BREAKING DOWN Air Pocket Stock
An air pocket stock nearly always occurs when investors sell shares after hearing unexpected bad news about the company. An air pocket stock isn't necessarily in dire straits. More often than not, the abrupt drop caused by disgruntled investors is usually the end of the correction, and prospective investors shouldn’t extrapolate this temporary turbulence into any long-term assessment of the stock’s future potential.
The unanticipated bad news that can trigger panic selling and the occurrence of an air pocket stock can include a lower-than-expected earnings report, corruption scandals, looming competitive threats, management changes, geopolitical unrest, and more. A significant factor in panic selling can be irrational exuberance or highly emotional trading. Panic selling can be triggered by investor anxiety, murmurs about the market, and outsized reactions to news that may only realistically pose short-term affects. To subdue panic selling, most major stock exchanges utilize trading curbs and halts, giving investors the chance to digest information about why selling is occurring. Trading curbs can also puts parameters around the downside losses an investor can incur on a given day, and may help restore order to the market.
Advantages of an Air Pocket Stock
In addition to describing the movement of individual stocks, the “air pocket” metaphor is also applied to the broader stock market. When the market is described as having hit an air pocket, this usually means that it has undergone a moderate downward price movement, something like a miniature correction. The expectation is that this downward movement is temporary and is likely to be reversed in the short term. In either case, whether referring to an individual stock or the broader market, an air pocket can represent a buying opportunity for the savvy investor who is looking to increase their holdings at a discount.

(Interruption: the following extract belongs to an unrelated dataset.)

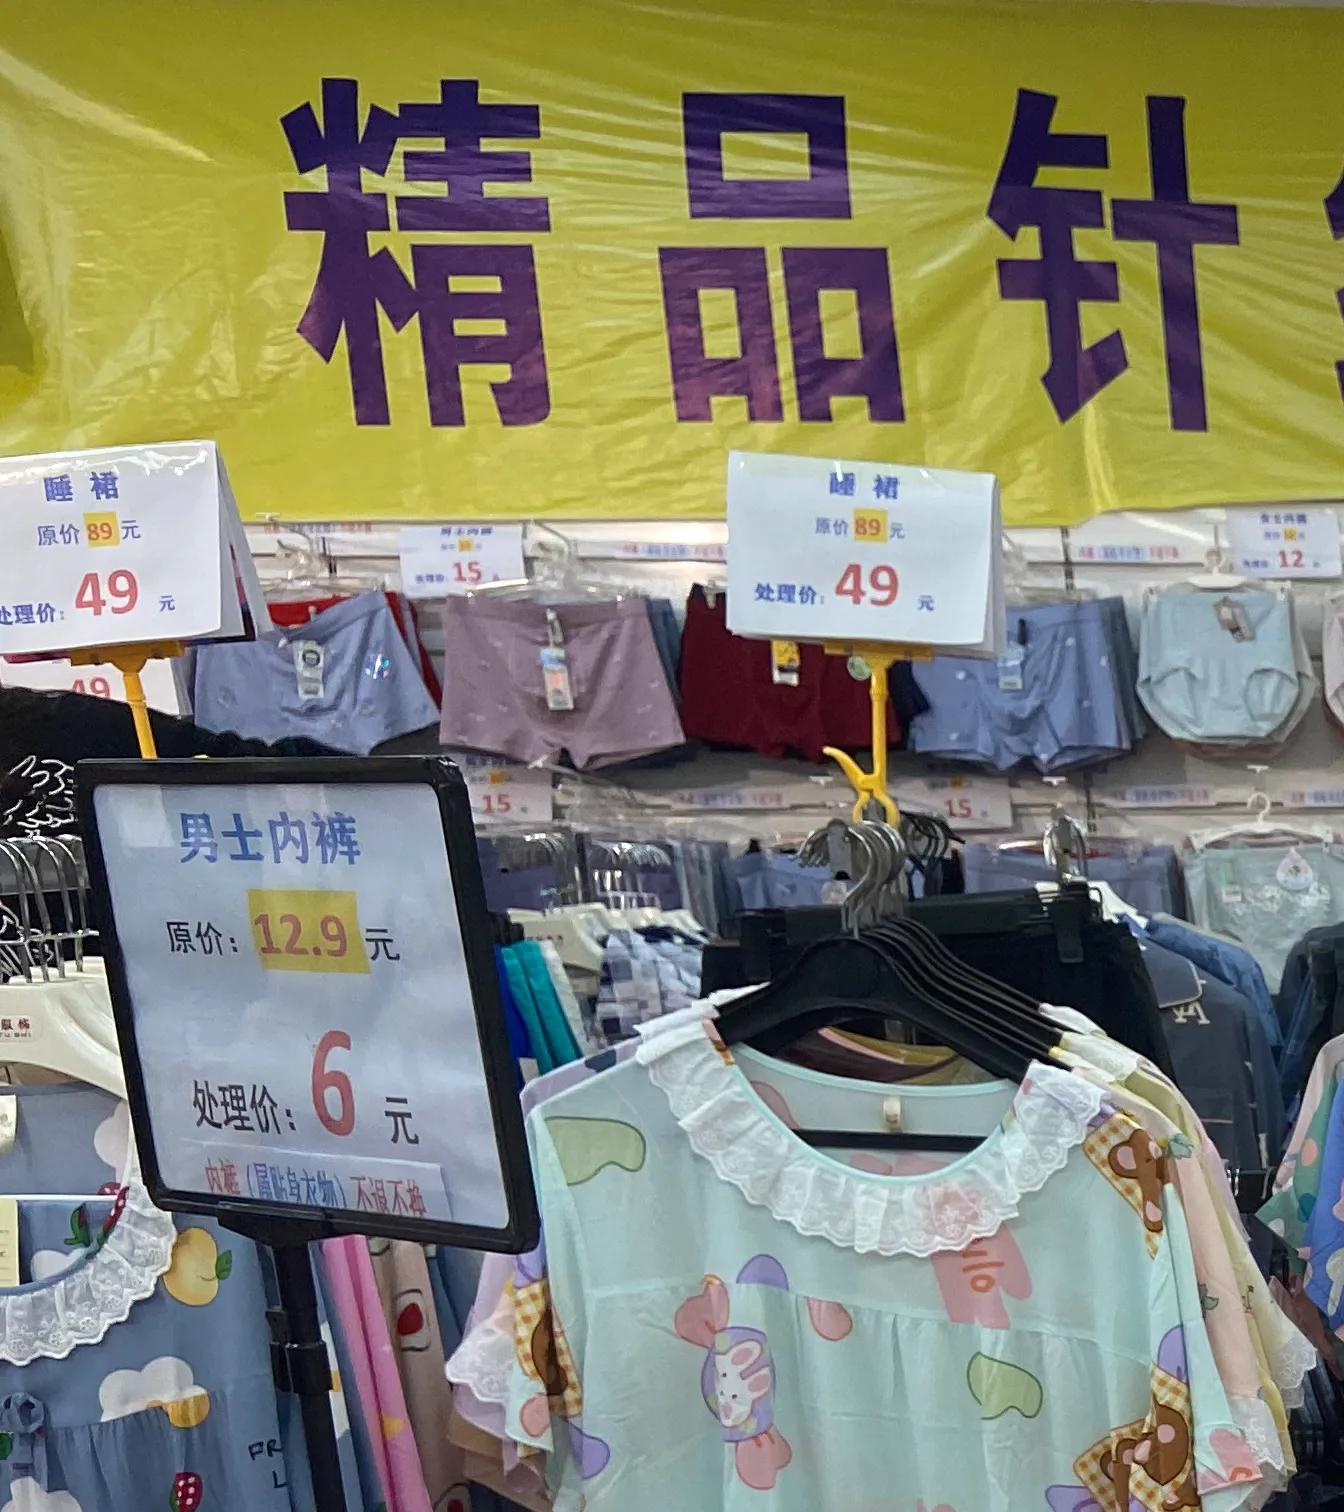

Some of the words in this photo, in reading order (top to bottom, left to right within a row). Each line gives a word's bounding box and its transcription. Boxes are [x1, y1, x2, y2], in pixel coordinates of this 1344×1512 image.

This is especially true when selling is caused by short-term indicators or uncertainty. Markets can be turbulent, and reactions to events that are still in the process of unfolding can affect market outlook significantly. Some traders take the opportunity to keep an eye out for selling opportunities, spotting the possibility of making the investment more attractive at its lower price. The Exhausted Selling Model is a technique traders sometimes harness in order to identify the price trading trough for which a reversal is likely to follow.